Phrase grounding data
┄┄┄┄┄┄

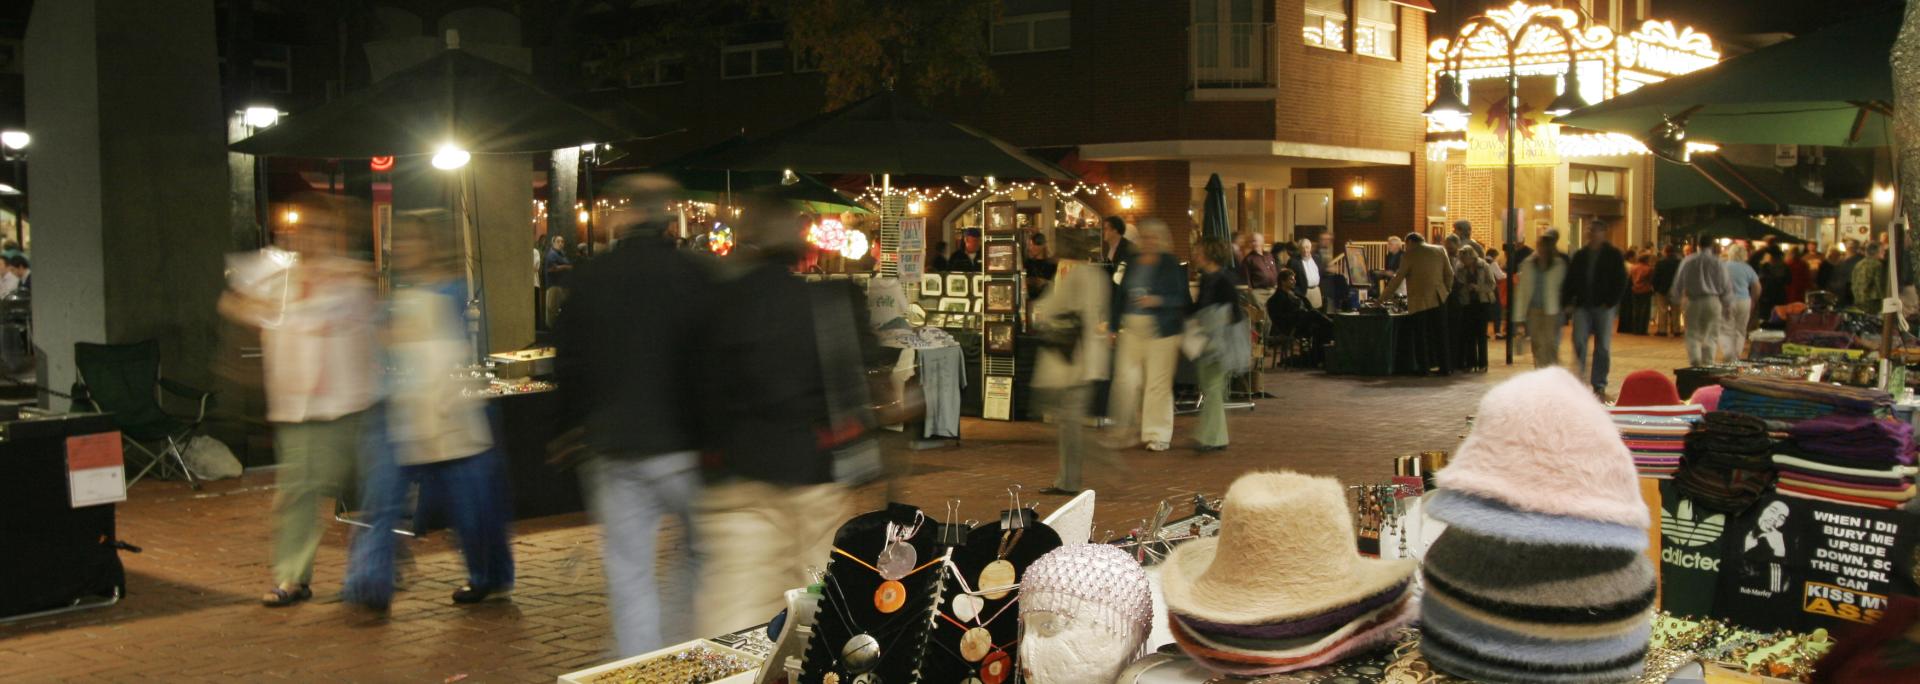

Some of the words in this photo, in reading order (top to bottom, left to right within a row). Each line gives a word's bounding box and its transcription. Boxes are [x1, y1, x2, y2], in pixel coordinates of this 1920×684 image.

[1814, 510, 1861, 527] WHEN
[1865, 519, 1871, 529] I
[1823, 525, 1867, 540] BURY
[1871, 533, 1894, 546] ME
[1828, 538, 1886, 557] UPSIDE
[1817, 548, 1868, 568] DOWN,
[1811, 559, 1840, 573] THE
[1842, 566, 1890, 583] WORL
[1836, 577, 1869, 591] CAN
[1808, 585, 1855, 604] KISS
[1806, 598, 1888, 625] ASS
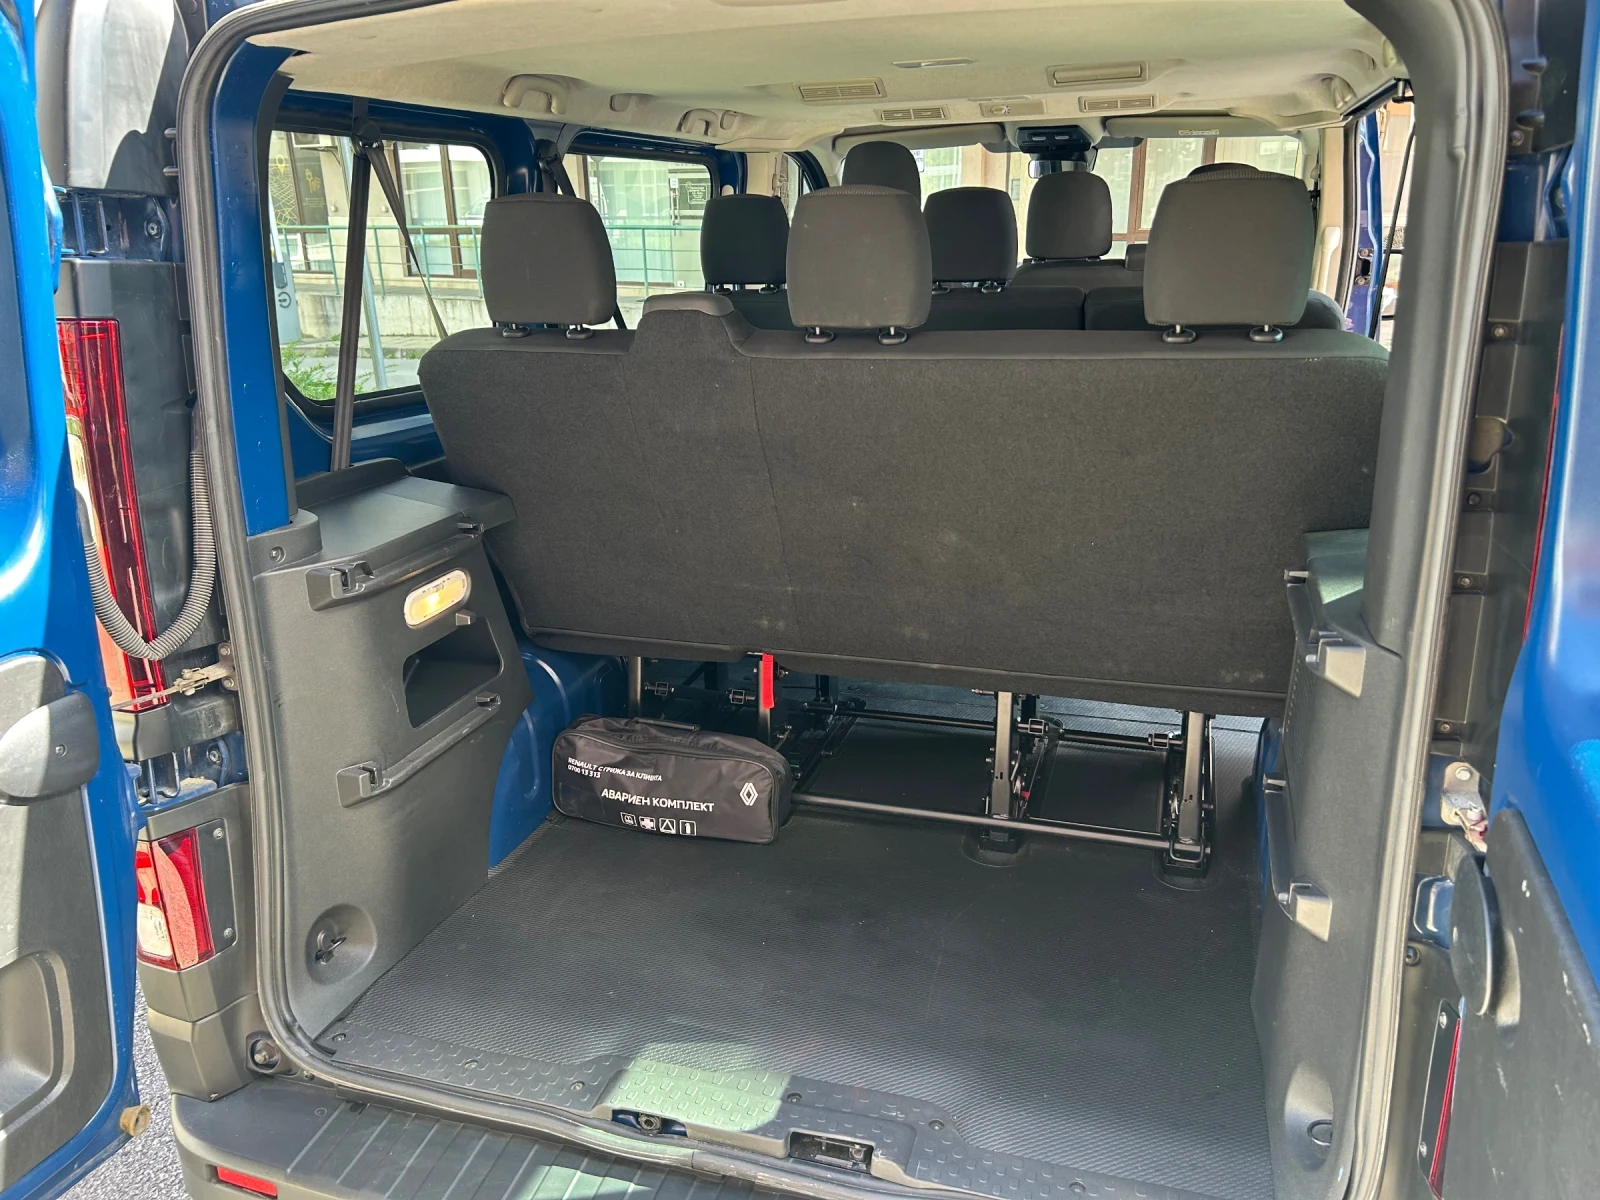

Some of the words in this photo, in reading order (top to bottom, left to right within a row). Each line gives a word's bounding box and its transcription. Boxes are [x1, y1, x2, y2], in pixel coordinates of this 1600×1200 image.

[567, 764, 581, 774] 0700
[589, 770, 601, 779] 313
[568, 757, 598, 771] RENAULT
[603, 766, 626, 776] ГРИЖА
[626, 770, 636, 778] ЗА
[601, 788, 651, 806] АВАРИЕН
[652, 797, 715, 812] КОМПЛЕКТ
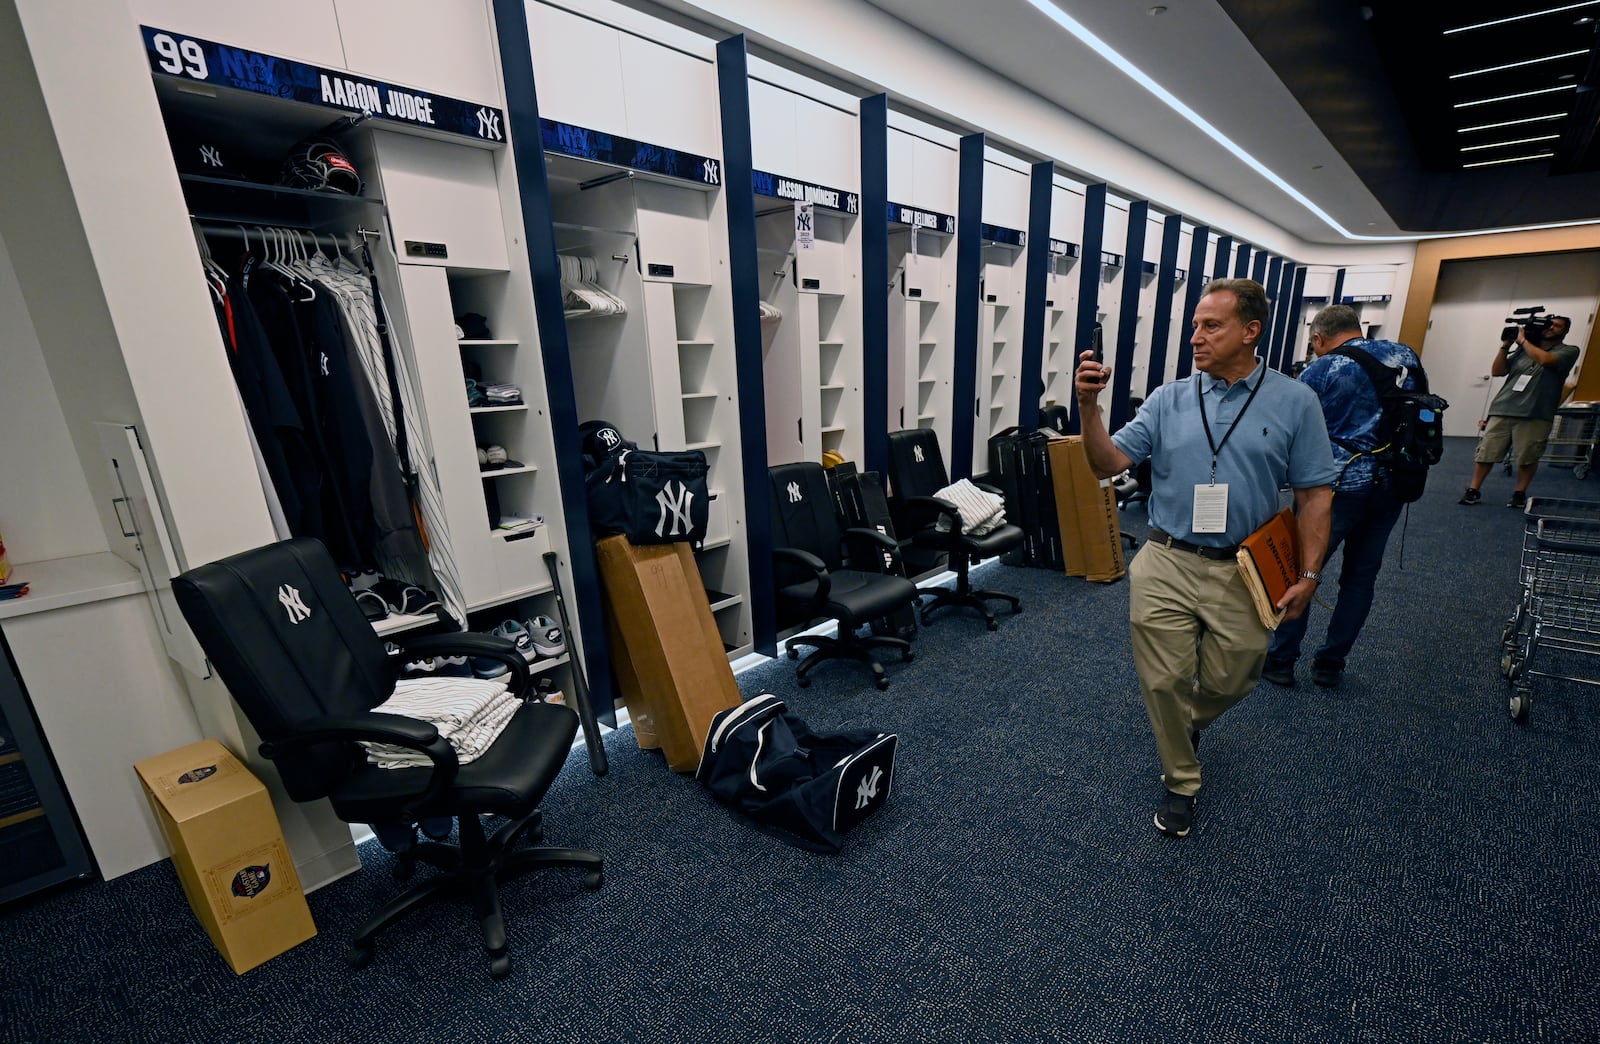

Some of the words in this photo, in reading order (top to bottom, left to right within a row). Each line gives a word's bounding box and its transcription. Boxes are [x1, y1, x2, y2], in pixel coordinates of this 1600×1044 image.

[153, 33, 209, 80] 99
[319, 73, 383, 114] AARON
[385, 89, 436, 124] JUDGE
[475, 106, 503, 141] NY
[702, 158, 719, 185] NY
[777, 179, 804, 202] JASSON
[797, 213, 811, 231] NY
[655, 479, 695, 538] NY
[278, 583, 312, 625] NY
[855, 764, 883, 810] NY
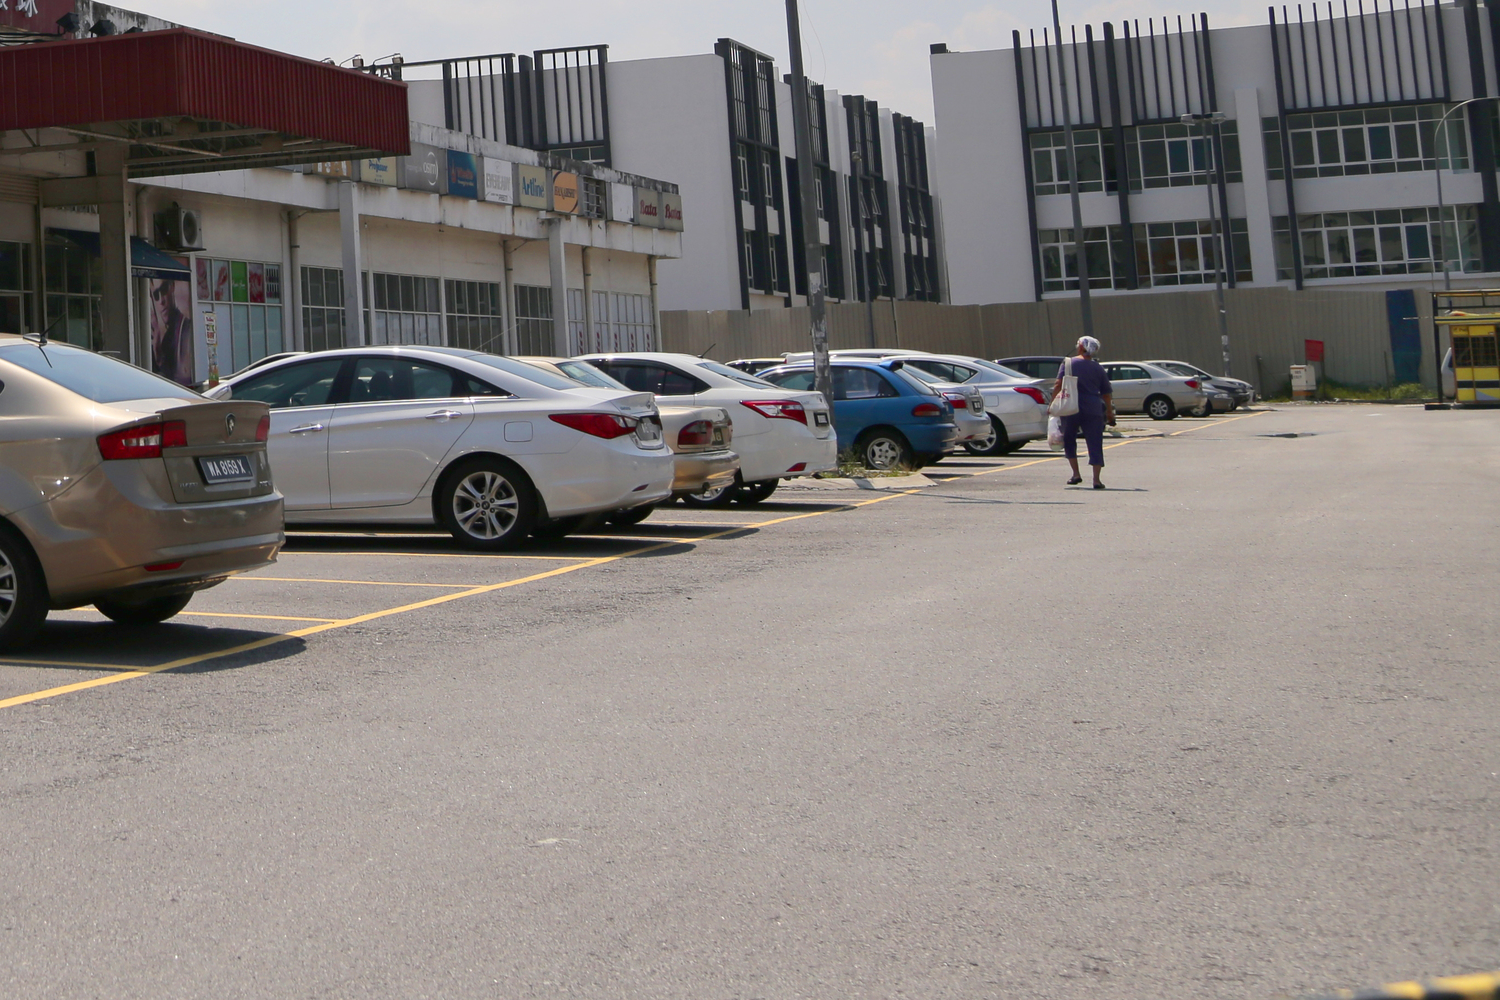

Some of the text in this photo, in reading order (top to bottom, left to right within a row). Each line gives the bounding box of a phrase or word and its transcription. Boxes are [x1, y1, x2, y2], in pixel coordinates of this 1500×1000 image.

┄┄┄┄┄┄

[PROBLEM]:
Set the pictures aside and restate word for word only the lines from the line containing "this 1600×1044 image." through the end of the entries above, both included.

[SOLUTION FOR THIS TASK]:
Some of the words in this photo, in reading order (top to bottom, left to right within a row). Each line gives a word's bounding box and its transcription. Boxes are [x1, y1, x2, y2], in pixel coordinates of this 1600×1044 image.

[153, 33, 209, 80] 99
[319, 73, 383, 114] AARON
[385, 89, 436, 124] JUDGE
[475, 106, 503, 141] NY
[702, 158, 719, 185] NY
[777, 179, 804, 202] JASSON
[797, 213, 811, 231] NY
[655, 479, 695, 538] NY
[278, 583, 312, 625] NY
[855, 764, 883, 810] NY

Some of the text in this photo, in reading order (top to bottom, left to right within a row). Each line gives the bounding box of a phrase or word and its transcription. Boxes are [x1, y1, x2, y2], in pixel coordinates of this 1500×1000 image.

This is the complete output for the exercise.